> _Work to complete_
The pictures are to be left out, and all remaining data is to be transcribed exactly as it appears.

** Opening Exercise input block **

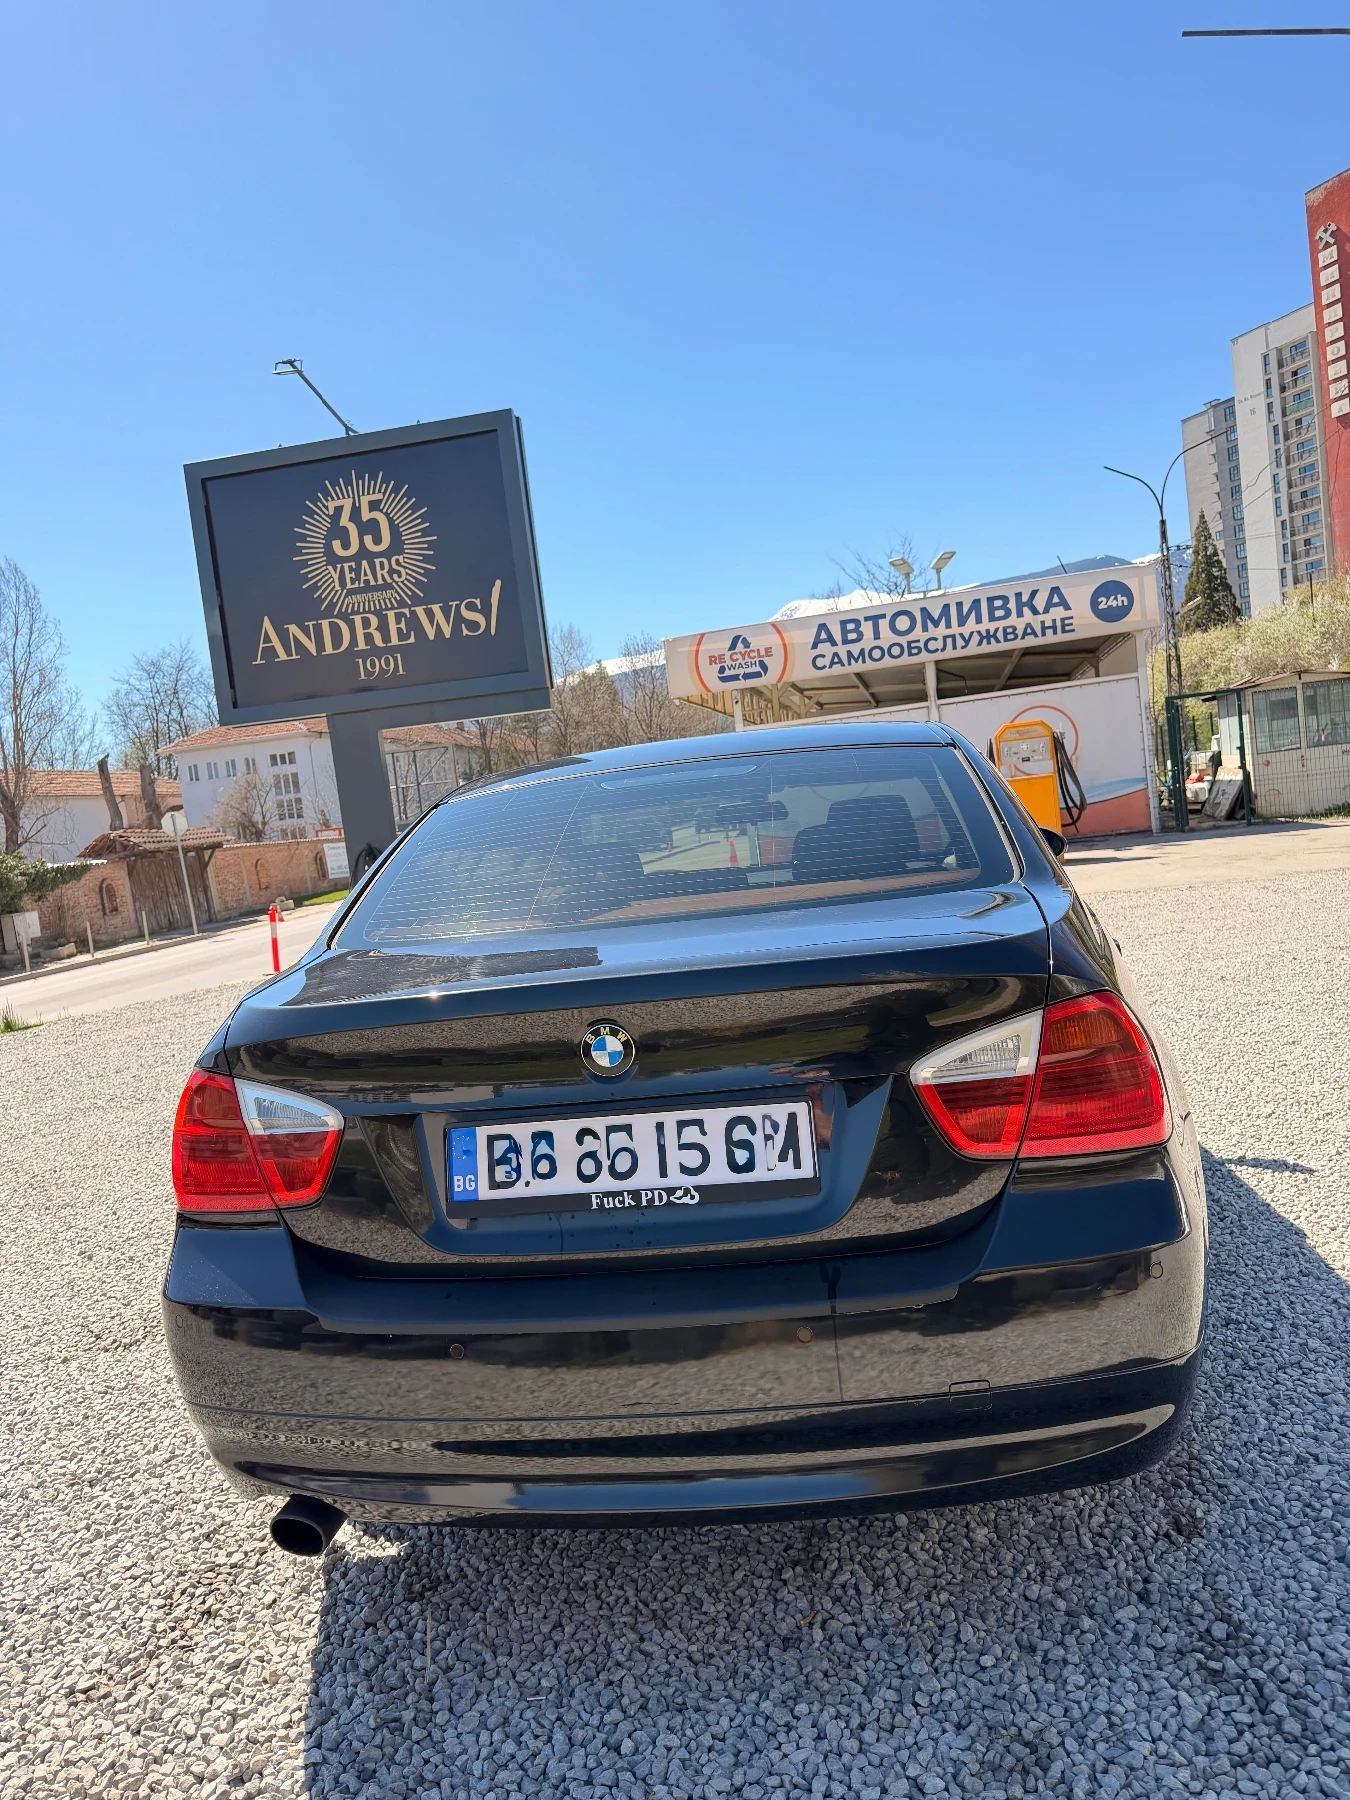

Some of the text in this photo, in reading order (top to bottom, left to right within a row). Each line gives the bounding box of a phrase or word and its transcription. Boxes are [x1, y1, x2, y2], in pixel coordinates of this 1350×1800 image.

[328, 493, 392, 558] 35
[326, 554, 407, 591] YEARS
[346, 589, 397, 605] ANNIVERSARY
[1096, 594, 1128, 611] 24h
[810, 585, 1073, 651] АВТОМИВКА
[810, 616, 1076, 672] САМООБСЛУЖВАНЕ
[356, 653, 406, 680] 1991
[726, 660, 758, 672] WASH
[585, 1026, 628, 1045] BMW
[453, 1175, 476, 1193] BG
[589, 1189, 668, 1210] Fuck PD
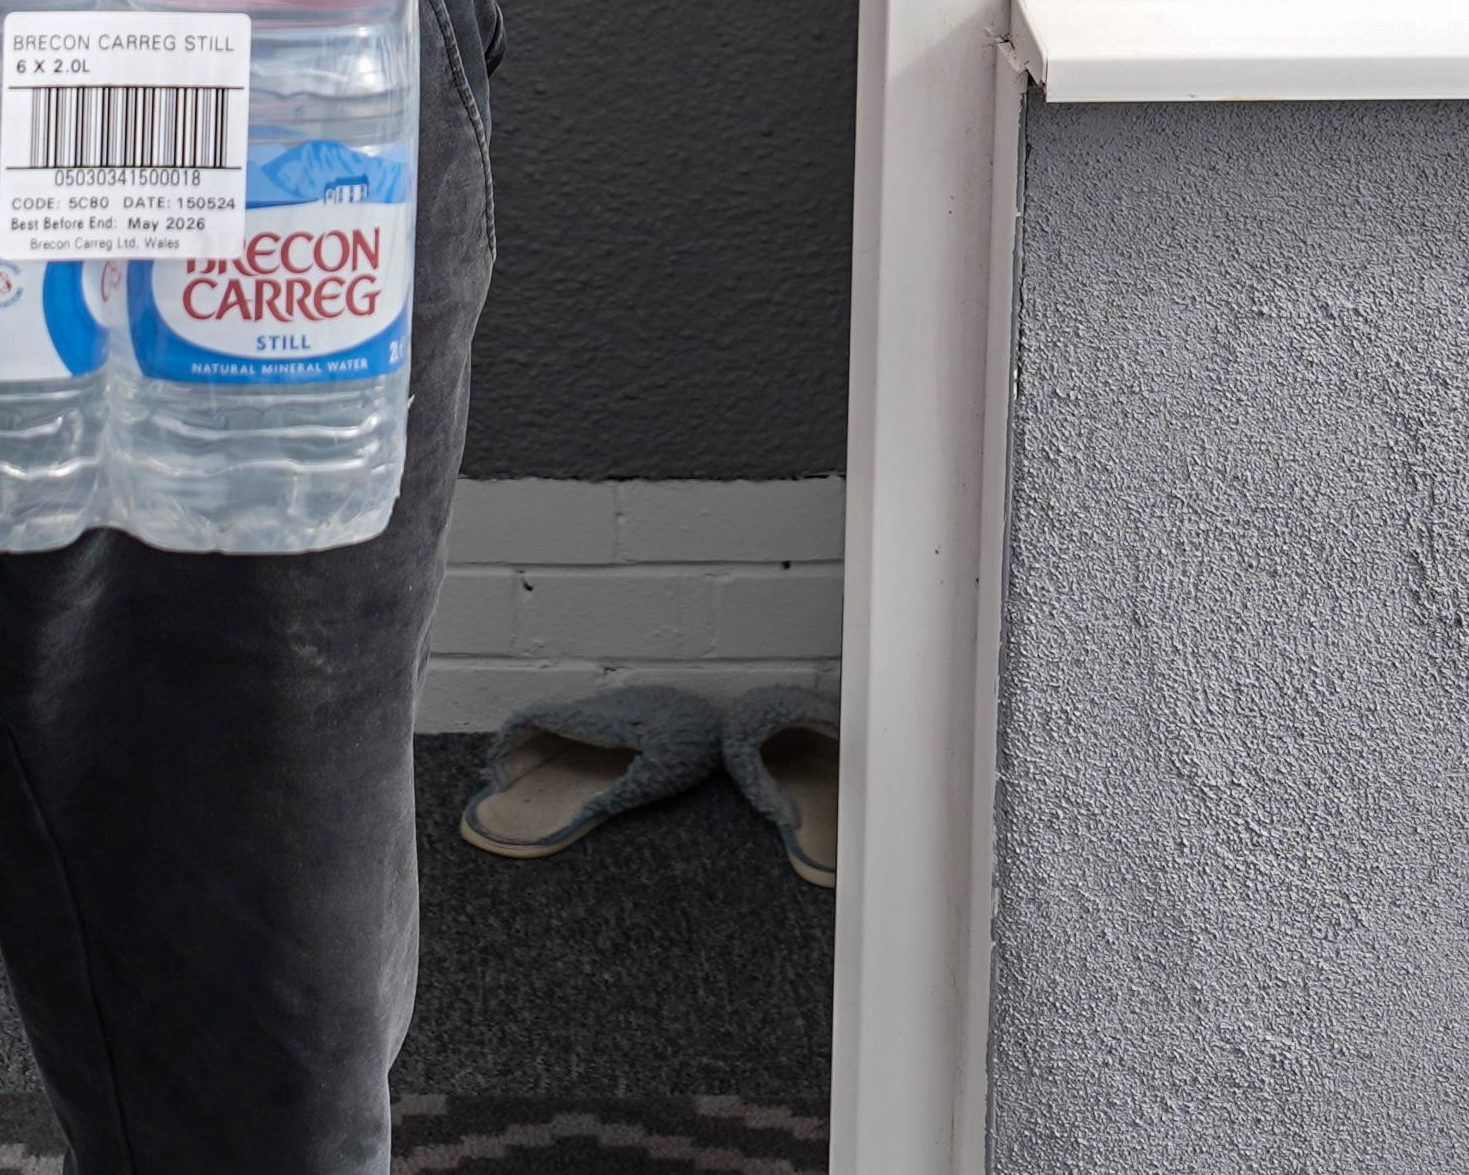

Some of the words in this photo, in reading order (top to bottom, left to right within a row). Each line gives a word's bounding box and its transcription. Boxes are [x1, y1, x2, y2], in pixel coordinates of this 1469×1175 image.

** Closing Exercise input block **

> _Solved problem_
Some of the text in this photo, in reading order (top to bottom, left to right within a row). Each line gives the bounding box of a phrase or word and its transcription. Boxes are [x1, y1, x2, y2], in pixel coordinates of this 1350×1800 image.

[328, 493, 392, 558] 35
[326, 554, 407, 591] YEARS
[346, 589, 397, 605] ANNIVERSARY
[1096, 594, 1128, 611] 24h
[810, 585, 1073, 651] АВТОМИВКА
[810, 616, 1076, 672] САМООБСЛУЖВАНЕ
[356, 653, 406, 680] 1991
[726, 660, 758, 672] WASH
[585, 1026, 628, 1045] BMW
[453, 1175, 476, 1193] BG
[589, 1189, 668, 1210] Fuck PD

Some of the words in this photo, in reading order (top to bottom, left to right within a row). Each line gives a word's bounding box and its transcription. Boxes are [x1, y1, x2, y2], in pixel coordinates of this 1469×1175 image.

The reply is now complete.